In 1939, the Second World War broke out, and Penderecki's family moved out of their apartment, as the Ministry of Food was to operate there. After the war, Penderecki began attending grammar school in 1946. He began studying the violin under Stanisław Darłak, Dębica's military bandmaster who organized an orchestra for the local music society after the war. Upon graduating from grammar school, Penderecki moved to Kraków in 1951, where he attended Jagiellonian University. 
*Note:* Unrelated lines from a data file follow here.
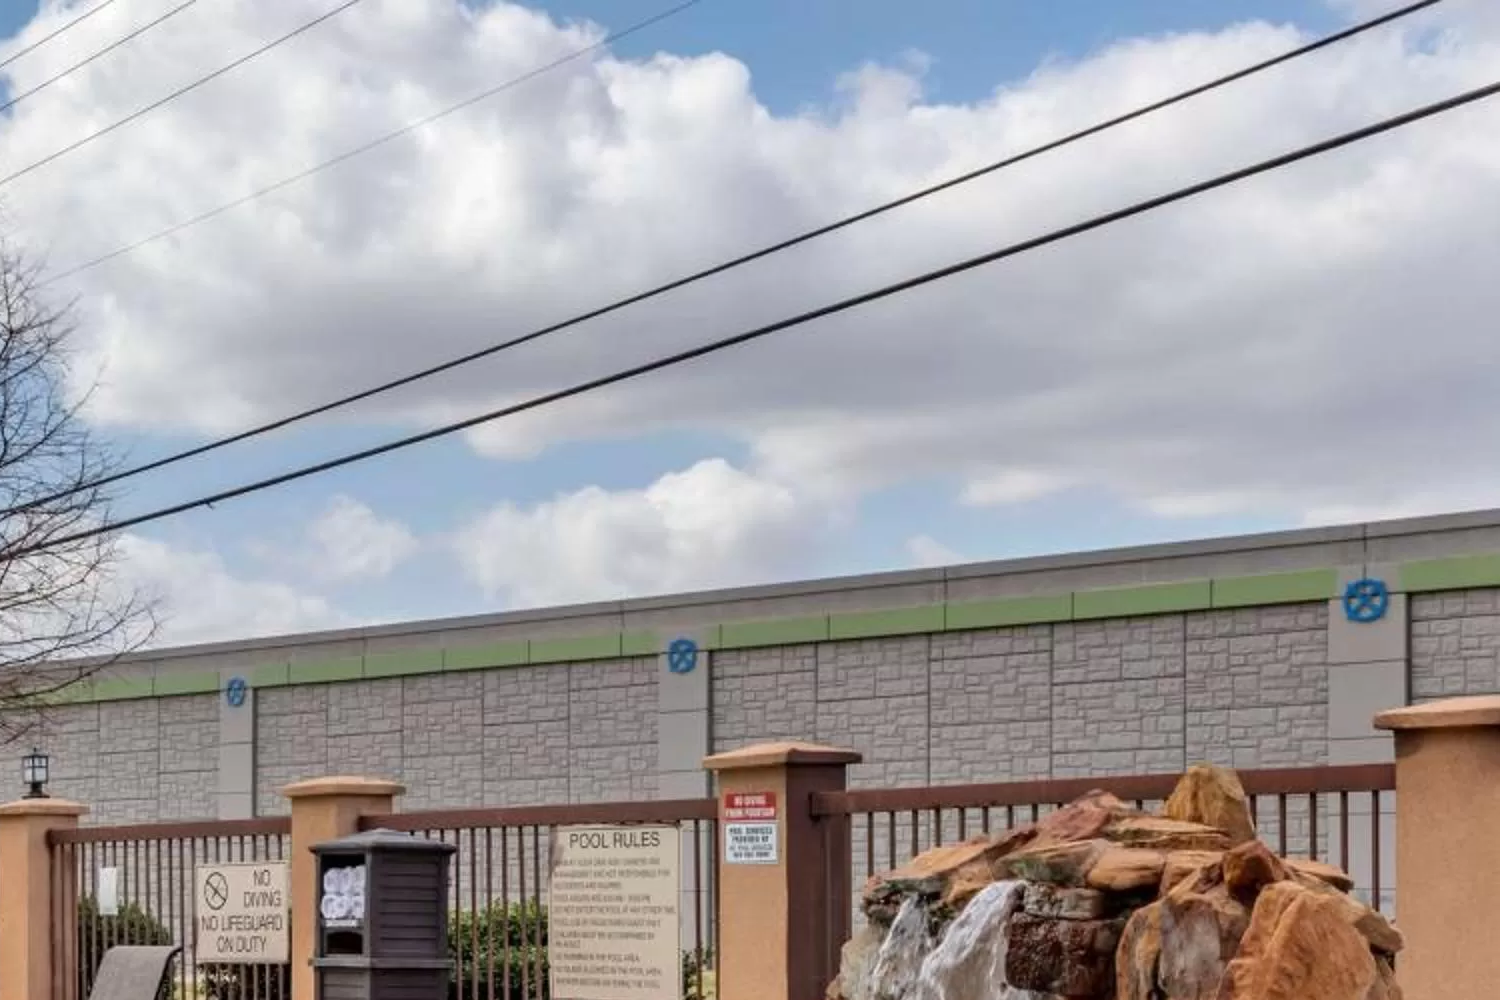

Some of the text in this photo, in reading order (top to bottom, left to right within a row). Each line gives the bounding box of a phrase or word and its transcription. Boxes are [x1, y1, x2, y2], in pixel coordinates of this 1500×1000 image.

[569, 831, 660, 849] POOL RULES
[252, 869, 271, 887] NO
[244, 890, 282, 908] DIVING
[201, 914, 283, 931] NO LIFEGUARD
[216, 935, 267, 953] ON DUTY
He studied violin with Stanisław Tawroszewicz and music theory with Franciszek Skołyszewski. In 1954, Penderecki entered the Academy of Music in Kraków and, having finished his studies on violin after his first year, focused entirely on composition. Penderecki's main teacher there was Artur Malawski, a composer known for his choral and orchestral works, as well as chamber music and songs. After Malawski's death in 1957, Penderecki took further lessons with Stanisław Wiechowicz, a composer primarily known for his choral works. At the time, the 1956 overthrow of Stalinism in Poland lifted strict cultural censorship and opened the door to a wave of creativity.
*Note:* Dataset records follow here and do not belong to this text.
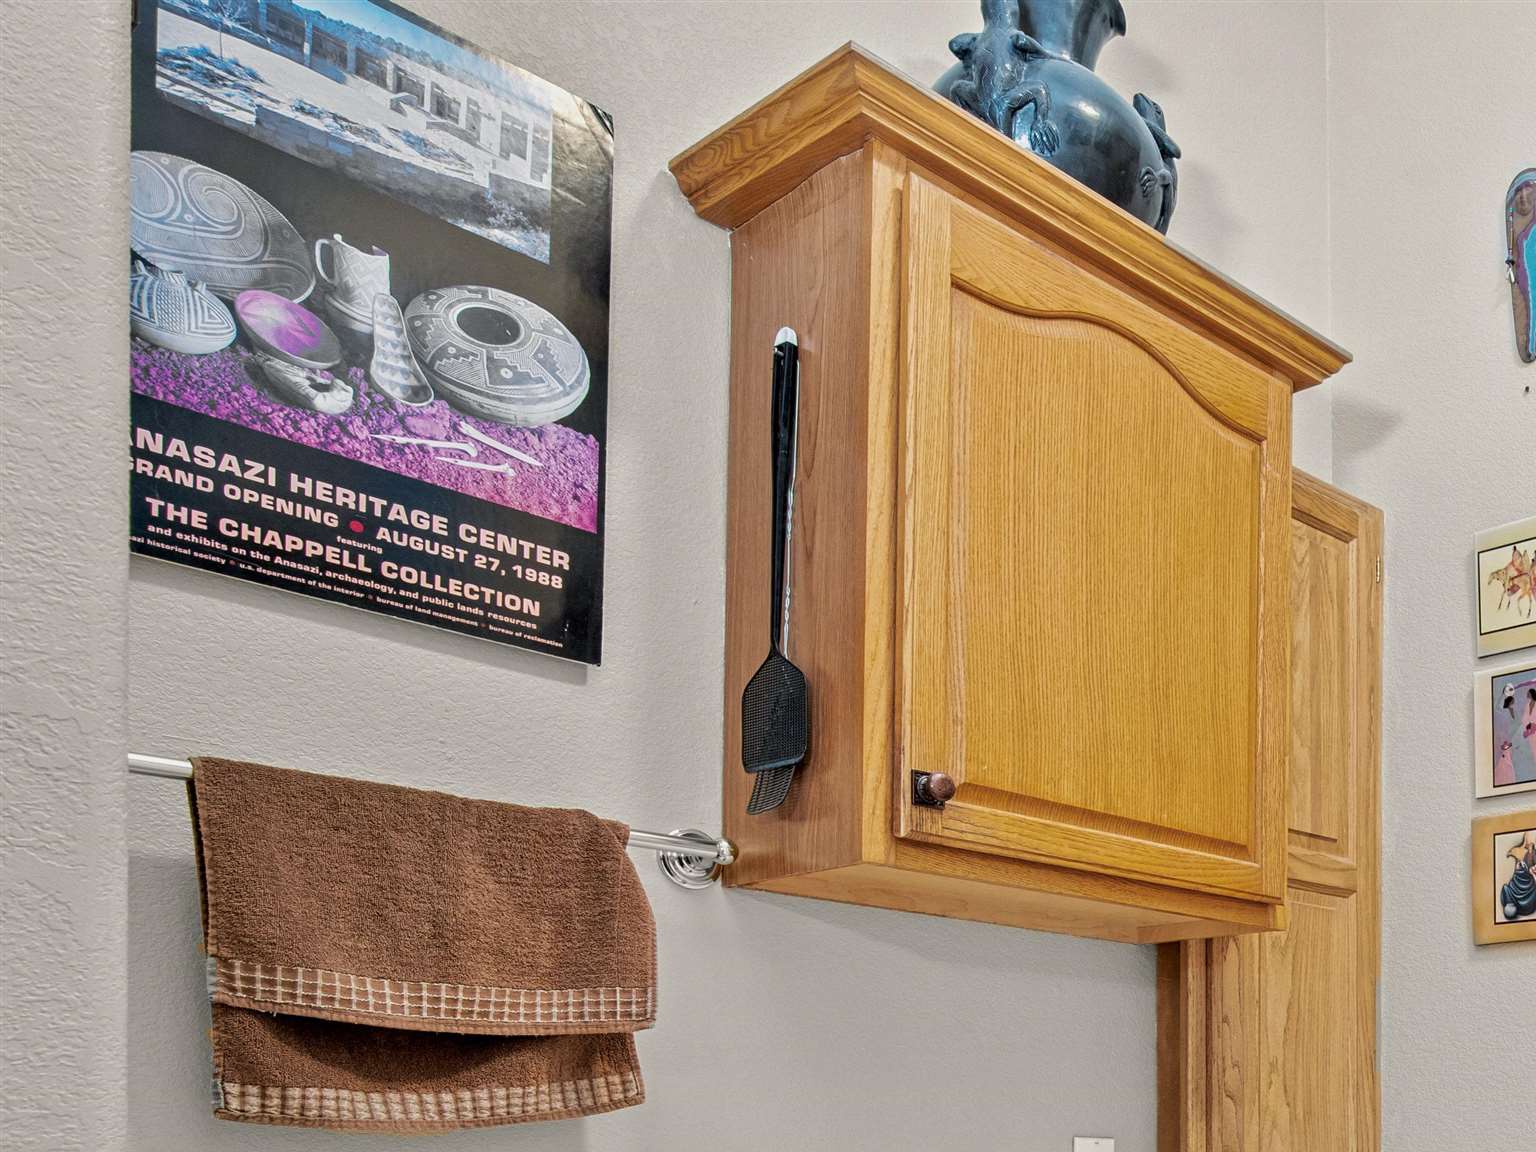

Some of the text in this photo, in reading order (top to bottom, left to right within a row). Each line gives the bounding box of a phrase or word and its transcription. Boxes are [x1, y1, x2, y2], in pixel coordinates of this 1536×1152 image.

[129, 427, 571, 571] NASAZI HERITAGE CENTER
[223, 484, 339, 528] OPENING
[376, 527, 469, 563] AUGUST
[474, 554, 506, 577] 27,
[512, 565, 563, 589] 1988
[336, 535, 383, 555] featuring
[145, 497, 541, 617] THE CHAPPELL COLLECTION
[146, 538, 192, 555] historical
[193, 551, 226, 565] society
[256, 567, 306, 584] department
[318, 582, 332, 590] the
[333, 585, 366, 598] interior
[376, 596, 404, 608] bureau
[414, 606, 432, 615] land
[488, 624, 514, 635] bureau
[147, 525, 172, 537] and
[175, 532, 228, 551] exhibits
[231, 546, 247, 556] on
[249, 547, 271, 562] the
[399, 589, 419, 600] and
[422, 595, 455, 609] public
[457, 603, 485, 616] lands
[487, 611, 538, 630] resources
1958–1962: First compositions
Upon graduating from the Academy of Music in Kraków in 1958, Penderecki took up a teaching post at the Academy. His early works show the influence of Anton Webern and Pierre Boulez (Penderecki was also influenced by Igor Stravinsky). Penderecki's international recognition began in 1959 at the Warsaw Autumn with the premieres of the works Strophen, Psalms of David, and Emanations, but the piece that truly brought him to international attention was Threnody to the Victims of Hiroshima (see threnody and atomic bombing of Hiroshima), written in 1960 for 52 string instruments. In it, he makes use of extended instrumental techniques (for example, playing behind the bridge, bowing on the tailpiece). There are many novel textures in the work, which makes extensive use of tone clusters. He originally titled the work 8' 37", but decided to dedicate it to the victims of Hiroshima.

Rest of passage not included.